Click the below button to run this example in Colab:
---
Loader:
data:
filepath: 'benchmark/adult-income.csv'
Splitter:
demo:
num_samples: 1
train_split_ratio: 0.8
Preprocessor:
demo:
method: 'default'
Synthesizer:
demo:
method: 'default'
Postprocessor:
demo:
method: 'default'
Evaluator:
custom:
method: 'custom_method'
module_path: 'custom-evaluation.py' # Path to your custom synthesizer
class_name: 'MyEvaluator_Pushover' # Synthesizer class name
Reporter:
save_report_global:
method: 'save_report'
granularity: 'global'
save_report_columnwise:
method: 'save_report'
granularity: 'columnwise'
save_report_pairwise:
method: 'save_report'
granularity: 'pairwise'
...
Creating Custom Evaluator
When implementing custom evaluations, you can freely choose whether to inherit from BaseEvaluator
or not, but the integration of your evaluation program with PETsARD
primarily relies on these two essential constants:
self.REQUIRED_INPUT_KEYS
(list[str]): Defines the dictionary keys required in the input data. Standard keys include ori
(original data), syn
(synthetic data), and control
(control data). Whether you provide the control parameter determines if your custom evaluation can be performed without a data splitting process.

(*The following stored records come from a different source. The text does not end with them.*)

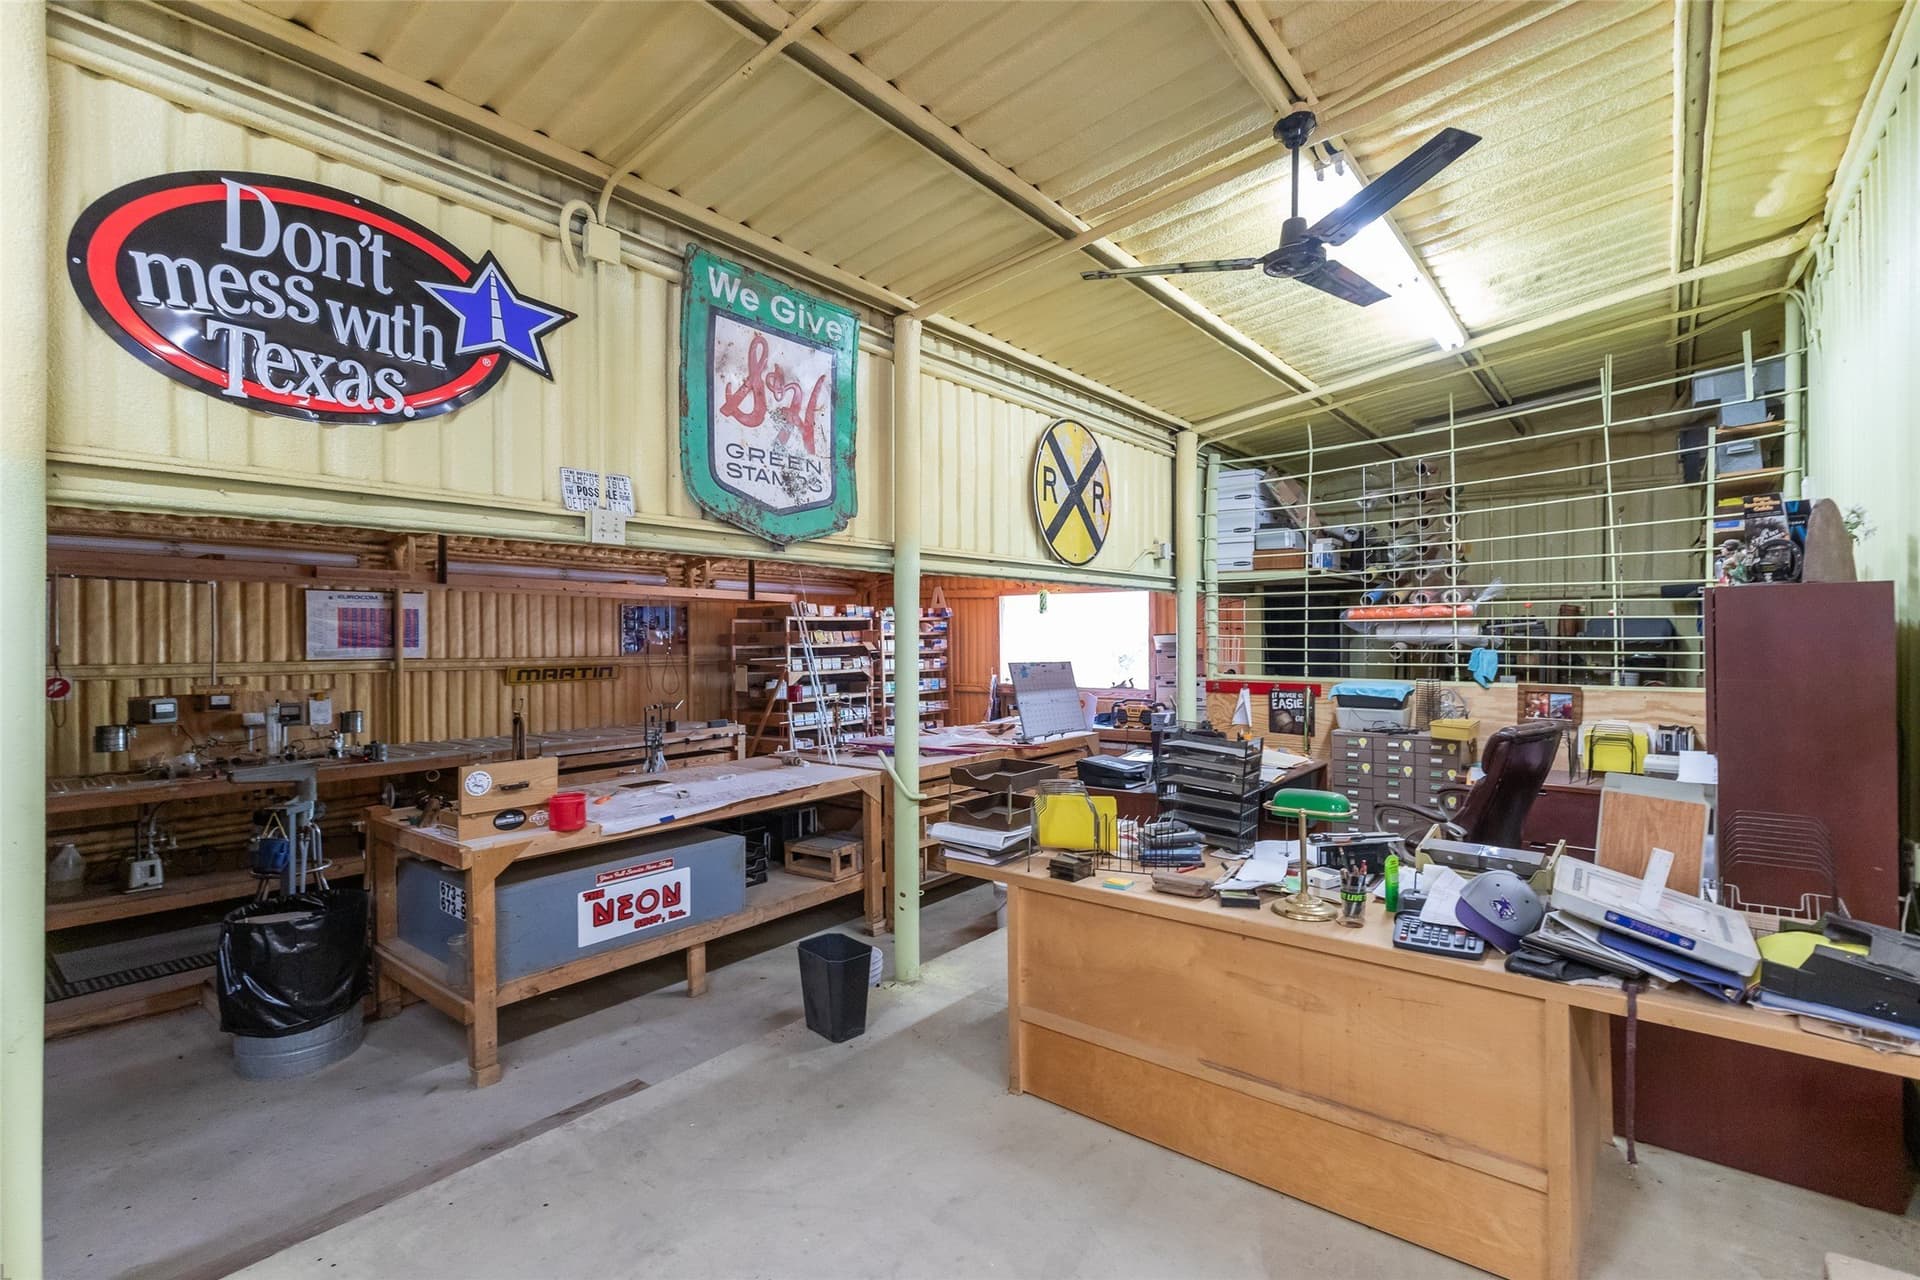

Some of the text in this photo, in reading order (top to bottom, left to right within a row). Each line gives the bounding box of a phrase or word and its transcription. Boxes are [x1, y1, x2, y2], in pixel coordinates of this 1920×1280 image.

[220, 177, 396, 296] Don't
[128, 249, 447, 371] mess with
[707, 265, 843, 342] We Give
[206, 319, 416, 418] Texas.
[725, 443, 823, 475] GREEN
[573, 476, 629, 491] IMPOSIBLE
[577, 485, 618, 500] POSSLE
[1043, 465, 1105, 515] R R
[517, 667, 613, 681] MARTIN
[1272, 698, 1313, 709] EASIE.
[583, 889, 605, 902] THE
[593, 882, 681, 927] NEON

self.AVAILABLE_SCORES_GRANULARITY
(list[str]
): Defines the granularity options for evaluation results. Available options include global
(global evaluation), columnwise
(column-by-column evaluation), pairwise
(column pair evaluation), and details
(custom detailed evaluation).
import pandas as pd
class MyEvaluator_Pushover:
REQUIRED_INPUT_KEYS: list[str] = ["ori", "syn", "control"]
AVAILABLE_SCORES_GRANULARITY: list[str] = [
"global",
"columnwise",
"pairwise",
"details",
]
def __init__(self, config: dict):
"""
Args:
config (dict): The configuration assign by Synthesizer
"""
self.config: dict = config
def eval(self, data: dict[str, pd.DataFrame]) -> dict[str, pd.DataFrame]:
# Implement your evaluation logic
eval_result: dict[str, int] = {"score": 100}
colnames: list[str] = data["ori"].columns
pairs: list[tuple[str, str]] = [
(col1, col2)
for i, col1 in enumerate(colnames)
for j, col2 in enumerate(colnames)
if j <= i
]
lorem_text: str = (
"Lorem ipsum dolor sit amet, consectetur adipiscing elit, "

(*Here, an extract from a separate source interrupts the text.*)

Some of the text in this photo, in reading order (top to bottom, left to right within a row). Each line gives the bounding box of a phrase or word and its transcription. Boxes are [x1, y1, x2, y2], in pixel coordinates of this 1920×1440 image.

"sed do eiusmod tempor incididunt ut labore et dolore magna aliqua. "
"Ut enim ad minim veniam, "
"quis nostrud exercitation ullamco laboris nisi ut aliquip ex ea commodo consequat. "
"Duis aute irure dolor in reprehenderit in voluptate velit esse cillum dolore eu fugiat nulla pariatur. "

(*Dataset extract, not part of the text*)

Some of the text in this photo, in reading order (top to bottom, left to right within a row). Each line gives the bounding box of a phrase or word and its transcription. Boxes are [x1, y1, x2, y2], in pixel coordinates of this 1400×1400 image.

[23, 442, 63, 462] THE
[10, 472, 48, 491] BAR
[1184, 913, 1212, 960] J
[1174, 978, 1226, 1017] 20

"Excepteur sint occaecat cupidatat non proident, "
"sunt in culpa qui officia deserunt mollit anim id est laborum."
)
return {
# Return overall evaluation results
"global": pd.DataFrame(eval_result, index=["result"]),
# Return per-column evaluation results. Must contains all column names
"columnwise": pd.DataFrame(eval_result, index=colnames),
# Return column relationship evaluation results. Must contains all column pairs
"pairwise": pd.DataFrame(
eval_result, index=pd.MultiIndex.from_tuples(pairs)
),
# Return detailed evaluation results, not specified the format
"details": pd.DataFrame({"lorem_text": lorem_text.split(". ")}),
}
Required Methods
For your own evaluator, you only need to implement one eval()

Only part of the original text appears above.